Archaeologists have long ago disputed this theory as pseudo-science, saying the hill is a natural geological structure.
In a letter to Bosnian authorities in 2006, European archaeologists denounced the support given to a “cruel hoax on an unsuspecting public” that “has no place in the world of genuine science.”
But this did not prevent Osmanagic, previously a US-based businessman, from carrying out “archaeological excavations” on the hill with hundreds of volunteers from abroad.
He bought a piece of surrounding land, which includes a network of tunnels he says emit a curative energy force, and a few years later opened the park through his “Bosnian Pyramid of the Sun” foundation.
Today, the park is buzzing with visitors, who have come in even higher numbers since two recent trips from Djokovic.
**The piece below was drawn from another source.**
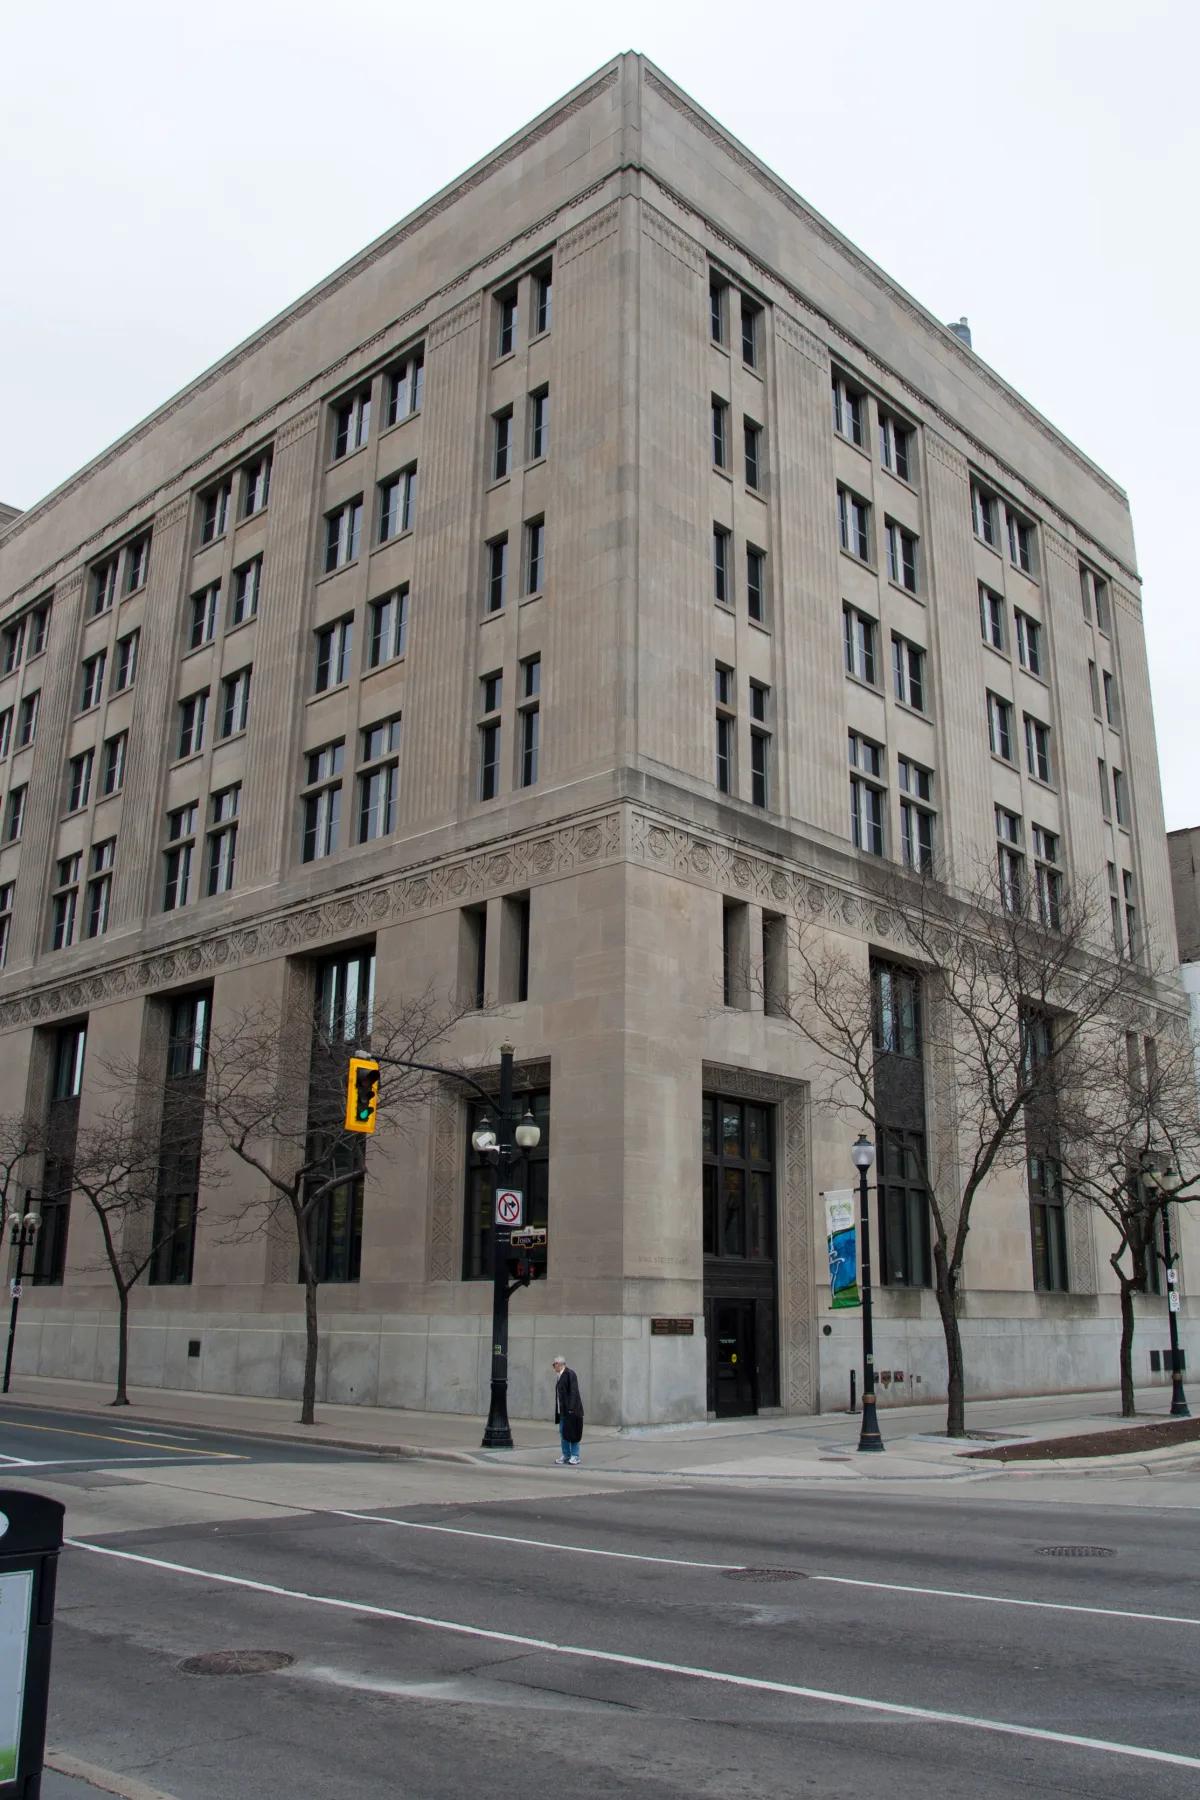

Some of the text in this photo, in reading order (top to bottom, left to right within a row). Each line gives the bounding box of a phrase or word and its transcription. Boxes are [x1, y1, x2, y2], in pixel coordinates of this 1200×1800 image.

[517, 1236, 531, 1244] JOHN
[537, 1235, 541, 1243] S
[654, 1256, 674, 1265] STREET
In July and October, Djokovic made pilgrimages to the park and invited “all athletes” to take advantage of the healthy oxygen levels.
“I know there are many doubts and dilemmas about the authenticity (of the place),” he said in October.
But “in order to fully understand what is going on here... you have to come.”
After a quiet spring subdued by the pandemic, weekend crowds are back at the park, consisting mostly of visitors from the region.
“The beginning of the season was catastrophic, but since Djokovic has been here, it’s been a joy,” says Nermin Alihodzic, 47, who sells tourists colorful mini-pyramids and pieces of quartz.
While the government stopped backing the park over a decade ago, local authorities have helped finance the construction of roads, parking lots and other infrastructure to encourage tourists.
A five-euro ($5.94) entry fee for the whole park also includes access to the underground tunnel network which Osmanagic claims emit healing electromagnetic waves.
In his tour of the park, Osmanagic takes groups down to the chambers, urging them to hold their hands over a smooth rock and feel the “energy” rising.
Dzenana Halepovic, a 67-year-old from Sarajevo, is a frequent visitor.
In the tunnels “I feel good, I breathe well, I feel light. I simply feel like I’m receiving energy there,” she said.
For Enver Imamovic, a professor emeritus of archaeology at the University of Sarajevo, the project is pure scam.
The tunnels are likely “remnants of an ancient gold mine” while wedges of stones on the hillside, which believers consider to be the building blocks of the pyramid, are “nothing more than natural geological formations,” he said.
“Everything that is said about the pyramids is absolutely unacceptable.”
Founder Osmanagic has also been promoting the site as a place to “boost immunity” during the coronavirus pandemic.
While he insists no cures are guaranteed, he cites other alleged miracles in which people have been healed of ailments like hypertension, diabetes or even cancer after a trip to the underground tunnels.